The new rule stipulates that coverage will be provided only at healthcare facilities that are enrolled in the Food and Drug Administration risk evaluation and mitigation strategies for FDA-approved indications.

Medicare will also cover FDA-approved CAR T-cell therapies for CMS-approved off-label uses.

In the final rule, CMS dropped a requirement that hospitals collect data on patient outcomes under the CAR T therapies, which hospitals had complained was too burdensome. Instead, CMS said it will monitor medical data from the FDA's post-approval safety studies.

The FDA has required CAR T-cell therapy makers to conduct post-marketing observational studies involving patients treated with the therapies.

"We know there are relatively limited data about the use of these life-saving therapies in the Medicare population. Our robust post-market surveillance programs will continue to monitor for potential risks, as we do for all licensed and approved medical products," said Acting FDA Commissioner Ned Sharpless, MD.

"We will also continue to carefully assess the benefits and risks when considering whether to approve new CAR T-cell products," he said.
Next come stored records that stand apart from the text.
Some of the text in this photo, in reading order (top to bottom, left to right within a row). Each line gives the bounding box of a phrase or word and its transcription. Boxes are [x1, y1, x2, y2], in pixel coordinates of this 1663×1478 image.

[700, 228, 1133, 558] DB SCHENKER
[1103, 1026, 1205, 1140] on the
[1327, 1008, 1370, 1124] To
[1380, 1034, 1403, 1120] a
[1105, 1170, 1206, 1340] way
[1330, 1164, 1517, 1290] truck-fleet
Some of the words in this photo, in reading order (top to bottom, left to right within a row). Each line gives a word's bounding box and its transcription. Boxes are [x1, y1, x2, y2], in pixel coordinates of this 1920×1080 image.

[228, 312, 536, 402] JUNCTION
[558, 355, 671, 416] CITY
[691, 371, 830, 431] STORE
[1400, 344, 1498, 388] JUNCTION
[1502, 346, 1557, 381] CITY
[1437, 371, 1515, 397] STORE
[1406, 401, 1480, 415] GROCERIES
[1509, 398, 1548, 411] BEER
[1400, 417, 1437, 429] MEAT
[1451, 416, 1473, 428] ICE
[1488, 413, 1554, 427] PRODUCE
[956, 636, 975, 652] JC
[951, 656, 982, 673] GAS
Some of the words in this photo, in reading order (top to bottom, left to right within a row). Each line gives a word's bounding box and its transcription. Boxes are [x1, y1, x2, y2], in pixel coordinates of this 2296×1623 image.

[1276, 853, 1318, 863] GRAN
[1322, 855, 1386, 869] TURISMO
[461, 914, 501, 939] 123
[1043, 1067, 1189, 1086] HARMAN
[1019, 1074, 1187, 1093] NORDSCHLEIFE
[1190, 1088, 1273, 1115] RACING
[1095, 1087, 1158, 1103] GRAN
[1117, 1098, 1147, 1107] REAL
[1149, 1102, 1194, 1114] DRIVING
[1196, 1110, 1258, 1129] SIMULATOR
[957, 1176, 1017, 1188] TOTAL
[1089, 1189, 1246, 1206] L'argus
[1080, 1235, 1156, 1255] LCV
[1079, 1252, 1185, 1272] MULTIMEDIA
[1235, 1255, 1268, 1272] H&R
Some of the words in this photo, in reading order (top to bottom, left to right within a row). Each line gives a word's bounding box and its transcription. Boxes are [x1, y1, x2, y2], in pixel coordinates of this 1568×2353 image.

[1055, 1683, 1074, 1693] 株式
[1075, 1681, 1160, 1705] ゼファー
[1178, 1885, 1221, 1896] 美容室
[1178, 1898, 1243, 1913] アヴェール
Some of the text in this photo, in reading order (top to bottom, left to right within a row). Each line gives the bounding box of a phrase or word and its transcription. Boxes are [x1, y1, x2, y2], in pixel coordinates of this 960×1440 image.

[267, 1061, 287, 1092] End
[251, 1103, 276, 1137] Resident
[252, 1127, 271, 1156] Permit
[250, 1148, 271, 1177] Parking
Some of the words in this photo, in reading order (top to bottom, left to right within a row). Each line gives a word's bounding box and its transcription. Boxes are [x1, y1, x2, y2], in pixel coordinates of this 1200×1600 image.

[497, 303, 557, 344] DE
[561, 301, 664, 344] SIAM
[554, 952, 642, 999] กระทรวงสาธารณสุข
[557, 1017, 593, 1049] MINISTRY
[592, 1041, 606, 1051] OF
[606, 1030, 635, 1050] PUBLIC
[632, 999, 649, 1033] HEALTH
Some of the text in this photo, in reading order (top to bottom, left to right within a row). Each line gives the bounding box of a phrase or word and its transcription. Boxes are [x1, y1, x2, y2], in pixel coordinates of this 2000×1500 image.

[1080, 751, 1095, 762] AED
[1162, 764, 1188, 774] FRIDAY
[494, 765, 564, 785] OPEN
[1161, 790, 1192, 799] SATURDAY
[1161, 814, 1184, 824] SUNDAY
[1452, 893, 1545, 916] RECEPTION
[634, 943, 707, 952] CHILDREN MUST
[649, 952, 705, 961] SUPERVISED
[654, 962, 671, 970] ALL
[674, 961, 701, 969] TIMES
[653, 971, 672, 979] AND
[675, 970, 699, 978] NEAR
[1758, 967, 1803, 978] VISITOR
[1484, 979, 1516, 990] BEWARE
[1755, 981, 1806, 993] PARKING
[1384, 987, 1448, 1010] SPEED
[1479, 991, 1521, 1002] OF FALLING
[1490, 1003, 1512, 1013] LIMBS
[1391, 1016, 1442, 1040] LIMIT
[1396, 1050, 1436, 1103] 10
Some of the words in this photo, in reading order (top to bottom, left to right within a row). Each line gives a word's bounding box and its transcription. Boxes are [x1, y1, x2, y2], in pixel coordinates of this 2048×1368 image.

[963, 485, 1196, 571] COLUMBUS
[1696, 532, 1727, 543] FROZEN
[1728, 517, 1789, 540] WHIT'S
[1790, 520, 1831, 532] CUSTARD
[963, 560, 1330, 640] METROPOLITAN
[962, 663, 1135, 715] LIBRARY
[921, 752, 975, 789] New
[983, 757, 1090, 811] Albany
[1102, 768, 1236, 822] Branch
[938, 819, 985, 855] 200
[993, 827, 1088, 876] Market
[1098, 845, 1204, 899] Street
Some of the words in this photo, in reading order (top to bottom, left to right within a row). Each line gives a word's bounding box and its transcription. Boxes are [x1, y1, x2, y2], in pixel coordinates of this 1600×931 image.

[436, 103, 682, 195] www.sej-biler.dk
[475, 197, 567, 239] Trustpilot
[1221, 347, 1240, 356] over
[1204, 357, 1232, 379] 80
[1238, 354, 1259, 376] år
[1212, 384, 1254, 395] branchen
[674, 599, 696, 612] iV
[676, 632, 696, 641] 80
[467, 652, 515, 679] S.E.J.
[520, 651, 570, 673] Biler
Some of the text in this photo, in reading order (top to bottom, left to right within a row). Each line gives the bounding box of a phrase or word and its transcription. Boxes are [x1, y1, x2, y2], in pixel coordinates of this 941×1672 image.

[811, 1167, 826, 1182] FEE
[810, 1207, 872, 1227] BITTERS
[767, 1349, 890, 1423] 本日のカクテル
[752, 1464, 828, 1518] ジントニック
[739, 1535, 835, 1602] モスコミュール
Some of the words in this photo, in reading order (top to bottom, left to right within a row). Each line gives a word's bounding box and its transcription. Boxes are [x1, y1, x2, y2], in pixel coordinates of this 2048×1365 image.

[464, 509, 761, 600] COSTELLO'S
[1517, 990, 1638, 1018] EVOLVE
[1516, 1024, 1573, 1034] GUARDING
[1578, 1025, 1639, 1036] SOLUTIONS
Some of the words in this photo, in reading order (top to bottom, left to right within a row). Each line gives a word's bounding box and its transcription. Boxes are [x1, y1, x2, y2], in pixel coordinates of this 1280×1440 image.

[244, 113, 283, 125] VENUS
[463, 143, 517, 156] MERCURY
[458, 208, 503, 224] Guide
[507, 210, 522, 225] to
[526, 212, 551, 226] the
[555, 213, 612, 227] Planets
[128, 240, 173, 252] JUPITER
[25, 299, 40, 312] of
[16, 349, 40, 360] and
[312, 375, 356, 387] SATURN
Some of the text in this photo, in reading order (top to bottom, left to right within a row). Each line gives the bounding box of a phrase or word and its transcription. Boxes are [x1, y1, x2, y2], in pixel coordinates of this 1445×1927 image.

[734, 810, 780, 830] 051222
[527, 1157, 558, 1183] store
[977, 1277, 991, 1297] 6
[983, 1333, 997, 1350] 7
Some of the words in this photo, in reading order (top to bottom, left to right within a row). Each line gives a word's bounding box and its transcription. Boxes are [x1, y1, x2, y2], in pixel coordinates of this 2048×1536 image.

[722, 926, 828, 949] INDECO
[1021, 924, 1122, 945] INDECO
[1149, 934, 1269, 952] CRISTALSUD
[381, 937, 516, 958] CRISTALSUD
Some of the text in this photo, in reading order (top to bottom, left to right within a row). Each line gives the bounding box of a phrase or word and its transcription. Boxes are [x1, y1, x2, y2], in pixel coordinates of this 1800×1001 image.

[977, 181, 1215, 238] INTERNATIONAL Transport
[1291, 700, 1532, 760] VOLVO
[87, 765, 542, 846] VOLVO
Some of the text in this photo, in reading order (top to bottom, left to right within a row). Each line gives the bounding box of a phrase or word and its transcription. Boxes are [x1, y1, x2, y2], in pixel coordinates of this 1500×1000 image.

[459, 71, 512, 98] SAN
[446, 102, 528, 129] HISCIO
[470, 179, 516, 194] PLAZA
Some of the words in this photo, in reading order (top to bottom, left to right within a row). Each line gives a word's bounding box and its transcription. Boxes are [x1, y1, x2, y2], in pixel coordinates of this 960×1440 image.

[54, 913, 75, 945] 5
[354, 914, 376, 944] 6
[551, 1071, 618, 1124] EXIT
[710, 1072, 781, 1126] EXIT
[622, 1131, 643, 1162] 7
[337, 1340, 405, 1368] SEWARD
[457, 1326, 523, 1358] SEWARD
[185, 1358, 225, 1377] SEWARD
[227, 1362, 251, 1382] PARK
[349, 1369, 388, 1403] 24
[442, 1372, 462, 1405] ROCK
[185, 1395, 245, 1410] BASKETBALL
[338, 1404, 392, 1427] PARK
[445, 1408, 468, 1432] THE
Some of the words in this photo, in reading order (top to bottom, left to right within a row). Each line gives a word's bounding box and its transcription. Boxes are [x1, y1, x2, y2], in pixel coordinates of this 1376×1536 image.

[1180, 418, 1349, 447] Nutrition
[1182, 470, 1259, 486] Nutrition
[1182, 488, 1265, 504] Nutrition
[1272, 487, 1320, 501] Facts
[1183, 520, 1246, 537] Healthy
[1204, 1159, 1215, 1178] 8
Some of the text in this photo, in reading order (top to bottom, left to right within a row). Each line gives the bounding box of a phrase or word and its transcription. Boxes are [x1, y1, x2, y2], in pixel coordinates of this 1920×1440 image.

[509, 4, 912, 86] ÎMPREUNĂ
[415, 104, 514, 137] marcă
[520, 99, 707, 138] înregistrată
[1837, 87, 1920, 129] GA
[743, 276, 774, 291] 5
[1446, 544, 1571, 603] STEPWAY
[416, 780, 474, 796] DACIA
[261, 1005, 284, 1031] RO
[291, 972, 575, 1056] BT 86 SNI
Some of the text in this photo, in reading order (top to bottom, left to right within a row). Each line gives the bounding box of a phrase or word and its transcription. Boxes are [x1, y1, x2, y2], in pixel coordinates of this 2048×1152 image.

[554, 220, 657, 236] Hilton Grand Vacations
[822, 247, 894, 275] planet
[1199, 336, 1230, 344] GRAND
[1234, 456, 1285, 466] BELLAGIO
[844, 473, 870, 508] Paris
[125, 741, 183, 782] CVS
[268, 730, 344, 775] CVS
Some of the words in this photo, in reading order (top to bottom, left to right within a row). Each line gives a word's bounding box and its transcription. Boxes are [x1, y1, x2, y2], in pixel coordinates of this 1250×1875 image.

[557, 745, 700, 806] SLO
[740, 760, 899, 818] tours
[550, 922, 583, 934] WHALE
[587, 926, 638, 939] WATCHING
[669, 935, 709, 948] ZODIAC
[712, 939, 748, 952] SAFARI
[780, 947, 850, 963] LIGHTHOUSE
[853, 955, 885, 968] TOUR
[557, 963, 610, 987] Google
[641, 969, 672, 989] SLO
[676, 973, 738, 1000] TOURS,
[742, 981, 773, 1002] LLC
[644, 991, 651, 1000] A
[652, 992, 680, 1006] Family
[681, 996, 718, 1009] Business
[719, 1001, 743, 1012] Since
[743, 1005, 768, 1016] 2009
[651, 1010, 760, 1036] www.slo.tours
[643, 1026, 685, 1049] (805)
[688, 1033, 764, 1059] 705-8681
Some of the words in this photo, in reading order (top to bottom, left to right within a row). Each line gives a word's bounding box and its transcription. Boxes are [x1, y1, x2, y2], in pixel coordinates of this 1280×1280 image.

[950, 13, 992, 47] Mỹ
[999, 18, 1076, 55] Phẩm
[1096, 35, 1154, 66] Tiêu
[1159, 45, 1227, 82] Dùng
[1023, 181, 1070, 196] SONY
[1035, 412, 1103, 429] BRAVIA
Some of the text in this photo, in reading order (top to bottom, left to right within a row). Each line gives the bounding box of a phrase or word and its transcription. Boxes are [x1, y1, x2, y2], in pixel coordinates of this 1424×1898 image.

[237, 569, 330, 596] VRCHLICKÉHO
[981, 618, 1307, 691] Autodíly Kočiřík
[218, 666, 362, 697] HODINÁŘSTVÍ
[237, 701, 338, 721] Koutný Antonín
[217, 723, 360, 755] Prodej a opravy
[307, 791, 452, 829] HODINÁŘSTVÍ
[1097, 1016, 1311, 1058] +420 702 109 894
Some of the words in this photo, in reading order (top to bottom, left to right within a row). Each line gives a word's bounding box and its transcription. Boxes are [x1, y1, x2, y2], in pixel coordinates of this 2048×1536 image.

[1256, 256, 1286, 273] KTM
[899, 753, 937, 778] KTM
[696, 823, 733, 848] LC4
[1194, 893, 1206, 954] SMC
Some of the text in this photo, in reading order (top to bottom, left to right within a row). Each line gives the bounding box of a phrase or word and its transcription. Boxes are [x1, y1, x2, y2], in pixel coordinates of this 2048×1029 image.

“CAR T-cell therapies are an important scientific advancement in this promising new area of medicine and provide treatment options for some patients who had nowhere else to turn.”

John Commins is a content specialist and online news editor for HealthLeaders, a Simplify Compliance brand.


KEY TAKEAWAYS

CAR-T therapy can cost as much as $375,000 for a one-time treatment. That estimate does not include hospital stays and other related expenses.

In the final rule, CMS dropped a requirement that hospitals collect data on patient outcomes under the CAR-T therapies, which hospitals had complained was too burdensome.

Instead, CMS said it will monitor medical data from the FDA's post-approval safety studies.